Working in photography, film, installation, sculpture and painting, Almond makes work which explores ideas about time, space, history and memory and how these abstract concepts intersect and impact on the individual. He also examines the symbolic and emotional potential of objects, places and situations to produce works that have historical as well as personal significance. At the very core of his work is an exploration of time and space and for the viewer, they raise fundamental questions about our very existence.


In the gallery, Almond will show a series of 'Timescape' paintings, which explore his preoccupation with time and space to their absolute limits. They suggest the conundrum, that although we know a certain amount about deep space, there is still so much that remains - at least for now - unknowable. Conceptually, these depictions of the outer reaches of the cosmos engulf us in the beauty of the Milky Way; the colourful and dreamlike atmospheres which Almond has captured ultimately remind us of our insignificance within the enormity of the universe. As we cannot fully define the concept of infinity, we rely on the digital language of numbers to create a reassuring sense of artificial structure. Almond's ongoing series of number paintings in the exhibition explore these artificial structures in a mirrored work of broken zeroes which, again, insert us into the equation: we are confronted with the beginning of time, our own reflection placing us within a continuum. Despite their overt rigour, all Almond's works begin with his emotional engagement with a subject, which is perhaps most apparent with his 'train-plate' series. At their simplest they refer to a boyhood love of locomotives, but also signify connectivity, not only of commerce and industry but of consciousness and thought as well, and the texts he uses often refer more widely to our place in the world. For example, the work which also gives the exhibition its title, ultimately suggests "an awareness of who we are and where we are, without light there would be no shadow".

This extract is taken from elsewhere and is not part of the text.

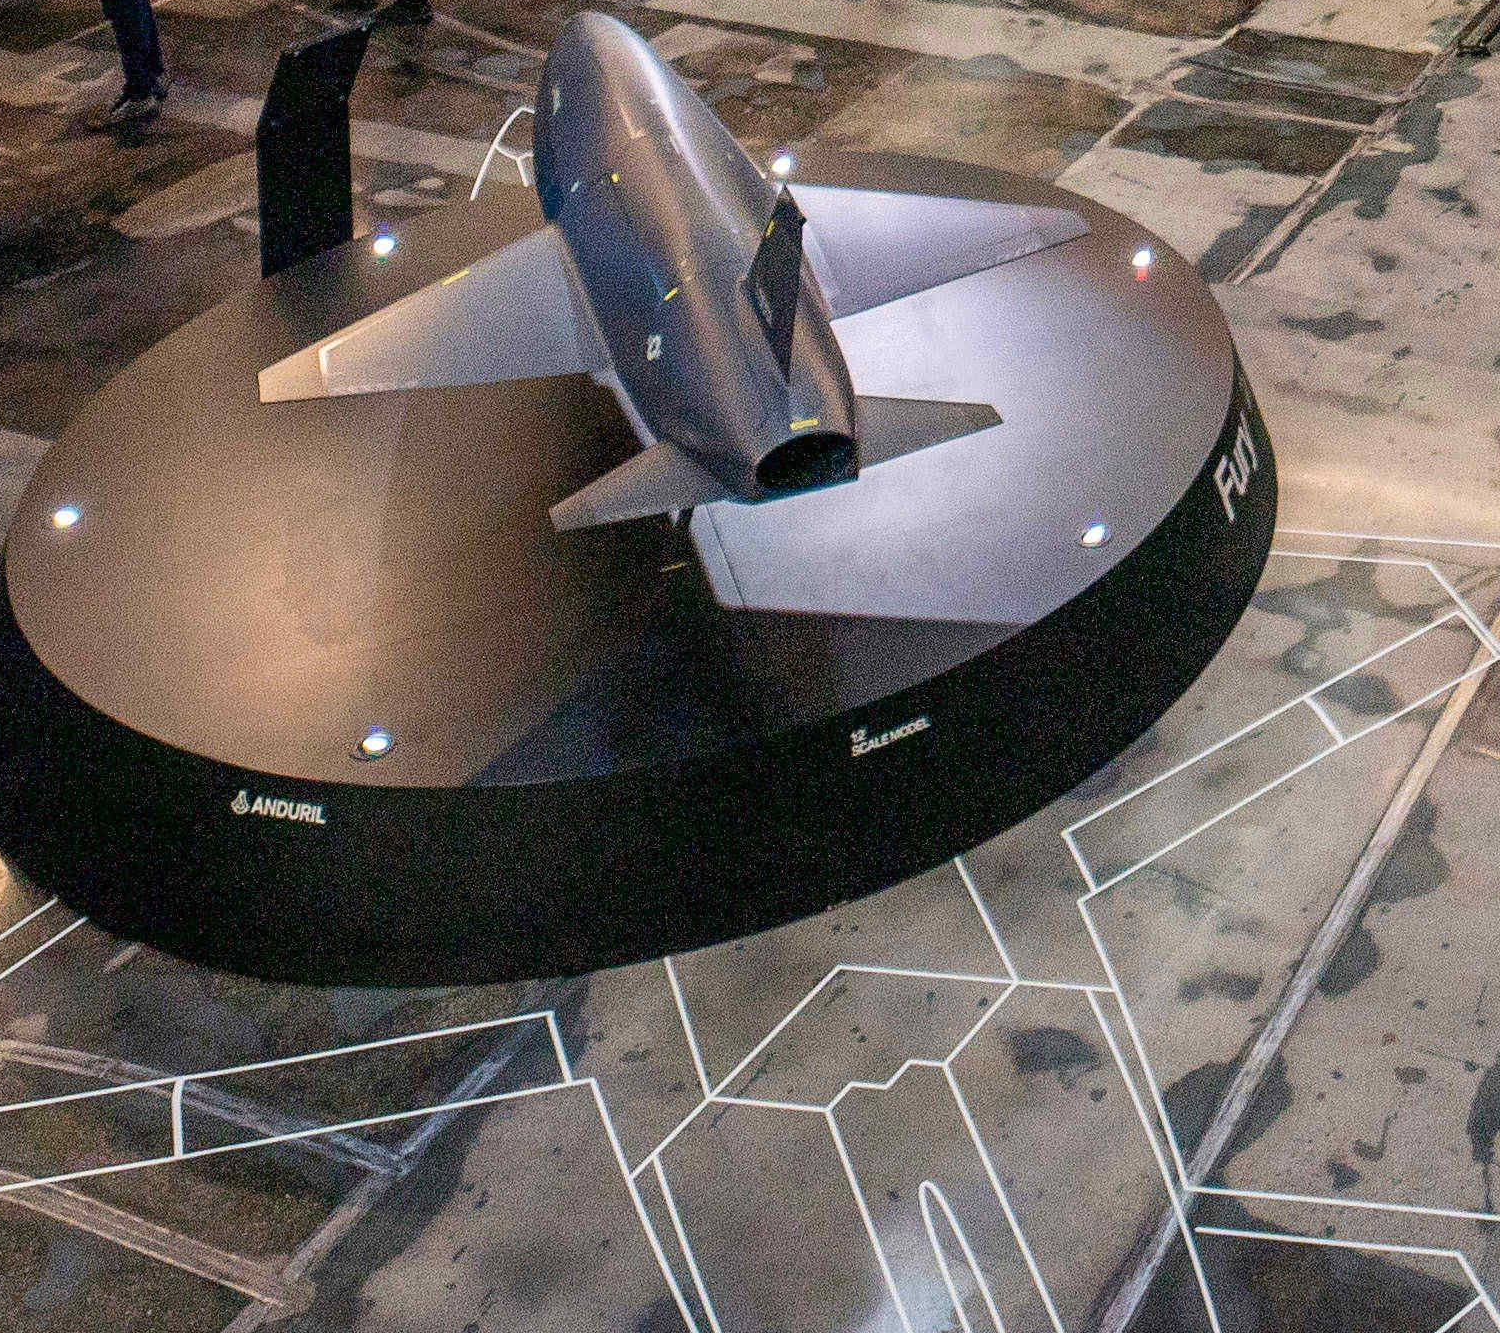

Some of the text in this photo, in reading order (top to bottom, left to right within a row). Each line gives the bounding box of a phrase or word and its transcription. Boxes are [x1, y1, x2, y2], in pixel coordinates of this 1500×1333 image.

Darren Almond (b. 1971) has had recent solo exhibitions at SCAI the Bathhouse, Tokyo (2016); Kunsthaus Graz (2015); Domaine de Chaumont-sur-Loire (2012); Villa Merkel, Esslingen; and FRAC Haute Normandie (2011) amongst others. His work has been included in numerous group shows such as Fire under Snow, Louisiana Museum of Modern Art, Humlebæk (2016); The Nothing That Is, Royal Academy, London; Photographing Monet ́s Gardens: Five Contemporary Views, Musée des Impressionismes, Giverny (2015). His work also featured in Sublime, les tremblements du mondeat at Centre Pompidou-Metz. Darren Almond's works are held in major collections around the world including Fondation Beyeler, Basel; Fonds National d'Art Contemporain, Paris; Metropolitan Museum of Art, New York; MoMA, New York and Tate, London. He was nominated for the Turner Prize in 2005 for his exhibition at K21, Düsseldorf.